Signed-off-by: Jonathan &lt;jonathanelisha98@gmail.com&gt;
Co-authored-by: Brian Dellabetta &lt;brian-dellabetta@users.noreply.github.com&gt;
Co-authored-by: gemini-code-assist[bot] &lt;176961590+gemini-code-assist[bot]@users.noreply.github.com&gt;
Co-authored-by: Dipika Sikka &lt;ds3822@columbia.edu&gt;
diff --git a/examples/quantization_2of4_sparse_w4a16/README.md b/examples/quantization_2of4_sparse_w4a16/README.md
@@ -4,6 +4,12 @@
 
 > `2:4 sparisty + int4/int8` mixed precision computation is supported in vLLM on Nvidia capability > 8.0 (Ampere, Ada Lovelace, Hopper).
 
+## NOTE: 
+Fine tuning can require more steps than is shown in the example.

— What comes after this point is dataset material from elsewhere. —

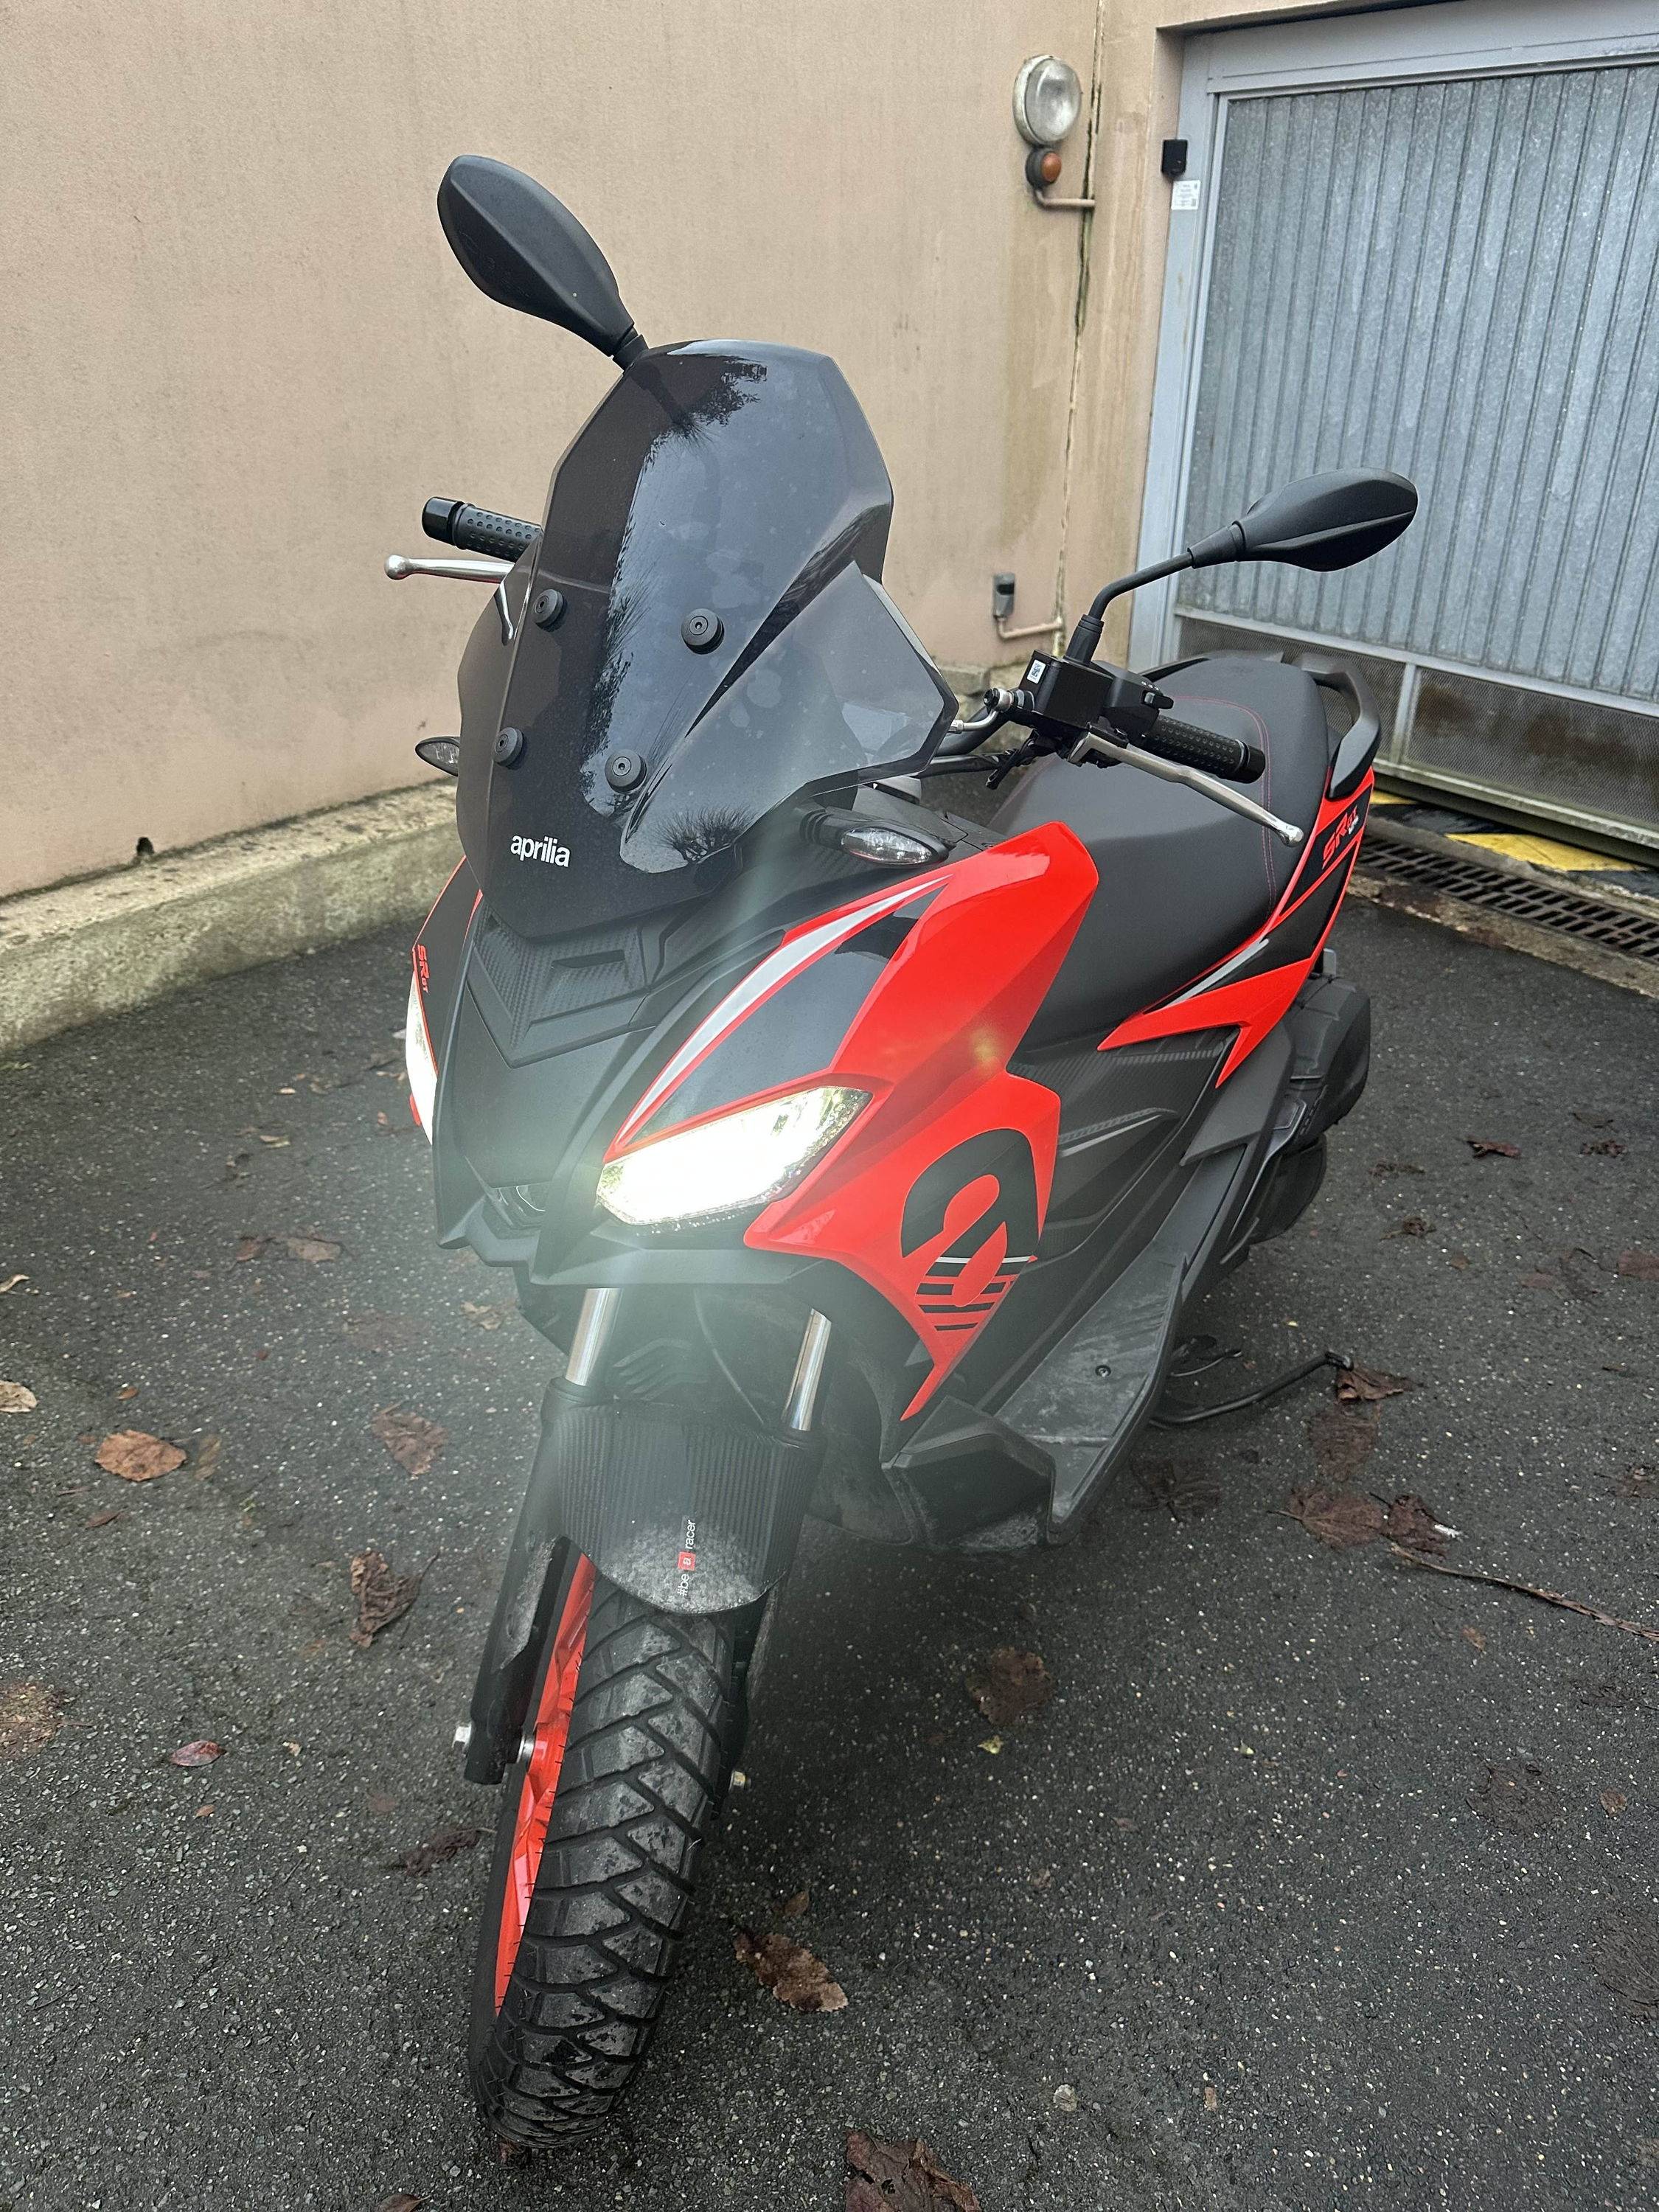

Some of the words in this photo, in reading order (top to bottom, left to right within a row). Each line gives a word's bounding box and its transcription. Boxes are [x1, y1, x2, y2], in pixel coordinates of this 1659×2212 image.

[510, 835, 571, 867] aprilia
[417, 945, 429, 978] SR
[677, 1573, 689, 1596] #be
[685, 1519, 696, 1549] racer

+See the Axolotl integration blog post for best fine tuning practices
+https://developers.redhat.com/articles/2025/06/17/axolotl-meets-llm-compressor-fast-sparse-open
+
+
 ## Installation
 
 To get started, install:
@@ -45,49 +51,117 @@ It contains instructions to prune the model to 2:4 sparsity, run one epoch of re
 and quantize to 4 bits in one show using GPTQ.
 
 ```python
+from pathlib import Path
+
 import torch
-from transformers import AutoModelForCausalLM
+from loguru import logger
+from transformers import AutoModelForCausalLM, AutoTokenizer
 
+from llmcompressor import oneshot, train
+
+# load the model in as bfloat16 to save on memory and compute
 model_stub = "neuralmagic/Llama-2-7b-ultrachat200k"
 model = AutoModelForCausalLM.from_pretrained(model_stub, torch_dtype=torch.bfloat16)

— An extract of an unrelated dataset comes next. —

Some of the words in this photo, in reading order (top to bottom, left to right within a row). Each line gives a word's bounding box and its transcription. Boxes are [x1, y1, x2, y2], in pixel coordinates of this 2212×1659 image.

+tokenizer = AutoTokenizer.from_pretrained(model_stub)
 
+# uses LLM Compressor's built-in preprocessing for ultra chat
 dataset = "ultrachat-200k"
-splits = {"calibration": "train_gen[:5%]", "train": "train_gen"}
 
+# Select the recipe for 2 of 4 sparsity and 4-bit activation quantization
 recipe = "2of4_w4a16_recipe.yaml"
+
+# save location of quantized model
+output_dir = "output_llama7b_2of4_w4a16_channel"
+output_path = Path(output_dir)
+
+# set dataset config parameters
+splits = {"calibration": "train_gen[:5%]", "train": "train_gen"}
+max_seq_length = 512
+num_calibration_samples = 512
+
+# set training parameters for finetuning
+# increase num_train_epochs for longer training
+num_train_epochs = 0.01
+logging_steps = 500
+save_steps = 5000
+gradient_checkpointing = True  # saves memory during training
+learning_rate = 0.0001
+bf16 = False  # using full precision for training
+lr_scheduler_type = "cosine"
+warmup_ratio = 0.1
+preprocessing_num_workers = 8
 ```
 
-## Step 2: Run sparsification using `apply`
-The `apply` function applies the given recipe to our model and dataset.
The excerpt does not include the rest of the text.